Materials provided:
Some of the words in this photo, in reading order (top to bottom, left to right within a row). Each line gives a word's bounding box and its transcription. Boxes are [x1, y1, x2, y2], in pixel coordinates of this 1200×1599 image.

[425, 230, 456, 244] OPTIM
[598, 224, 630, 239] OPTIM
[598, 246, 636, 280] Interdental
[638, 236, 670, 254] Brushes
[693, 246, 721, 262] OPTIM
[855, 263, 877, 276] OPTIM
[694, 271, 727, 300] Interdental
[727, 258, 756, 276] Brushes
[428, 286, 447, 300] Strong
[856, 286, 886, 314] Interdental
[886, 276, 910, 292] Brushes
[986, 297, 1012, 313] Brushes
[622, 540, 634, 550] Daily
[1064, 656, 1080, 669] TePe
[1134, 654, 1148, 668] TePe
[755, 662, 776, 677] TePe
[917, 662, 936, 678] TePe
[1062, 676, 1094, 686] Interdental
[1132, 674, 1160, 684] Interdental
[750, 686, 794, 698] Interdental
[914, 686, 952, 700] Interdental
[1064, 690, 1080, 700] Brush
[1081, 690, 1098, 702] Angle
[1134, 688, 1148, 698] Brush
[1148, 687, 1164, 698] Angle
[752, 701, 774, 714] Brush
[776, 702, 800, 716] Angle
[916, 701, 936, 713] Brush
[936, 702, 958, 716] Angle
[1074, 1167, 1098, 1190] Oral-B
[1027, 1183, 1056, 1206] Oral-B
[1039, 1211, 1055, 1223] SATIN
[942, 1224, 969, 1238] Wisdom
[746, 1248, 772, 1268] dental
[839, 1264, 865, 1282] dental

What you are asked to do: Each record above is to be restated word for word.

Output below:
Some of the words in this photo, in reading order (top to bottom, left to right within a row). Each line gives a word's bounding box and its transcription. Boxes are [x1, y1, x2, y2], in pixel coordinates of this 1200×1599 image.

[425, 230, 456, 244] OPTIM
[598, 224, 630, 239] OPTIM
[598, 246, 636, 280] Interdental
[638, 236, 670, 254] Brushes
[693, 246, 721, 262] OPTIM
[855, 263, 877, 276] OPTIM
[694, 271, 727, 300] Interdental
[727, 258, 756, 276] Brushes
[428, 286, 447, 300] Strong
[856, 286, 886, 314] Interdental
[886, 276, 910, 292] Brushes
[986, 297, 1012, 313] Brushes
[622, 540, 634, 550] Daily
[1064, 656, 1080, 669] TePe
[1134, 654, 1148, 668] TePe
[755, 662, 776, 677] TePe
[917, 662, 936, 678] TePe
[1062, 676, 1094, 686] Interdental
[1132, 674, 1160, 684] Interdental
[750, 686, 794, 698] Interdental
[914, 686, 952, 700] Interdental
[1064, 690, 1080, 700] Brush
[1081, 690, 1098, 702] Angle
[1134, 688, 1148, 698] Brush
[1148, 687, 1164, 698] Angle
[752, 701, 774, 714] Brush
[776, 702, 800, 716] Angle
[916, 701, 936, 713] Brush
[936, 702, 958, 716] Angle
[1074, 1167, 1098, 1190] Oral-B
[1027, 1183, 1056, 1206] Oral-B
[1039, 1211, 1055, 1223] SATIN
[942, 1224, 969, 1238] Wisdom
[746, 1248, 772, 1268] dental
[839, 1264, 865, 1282] dental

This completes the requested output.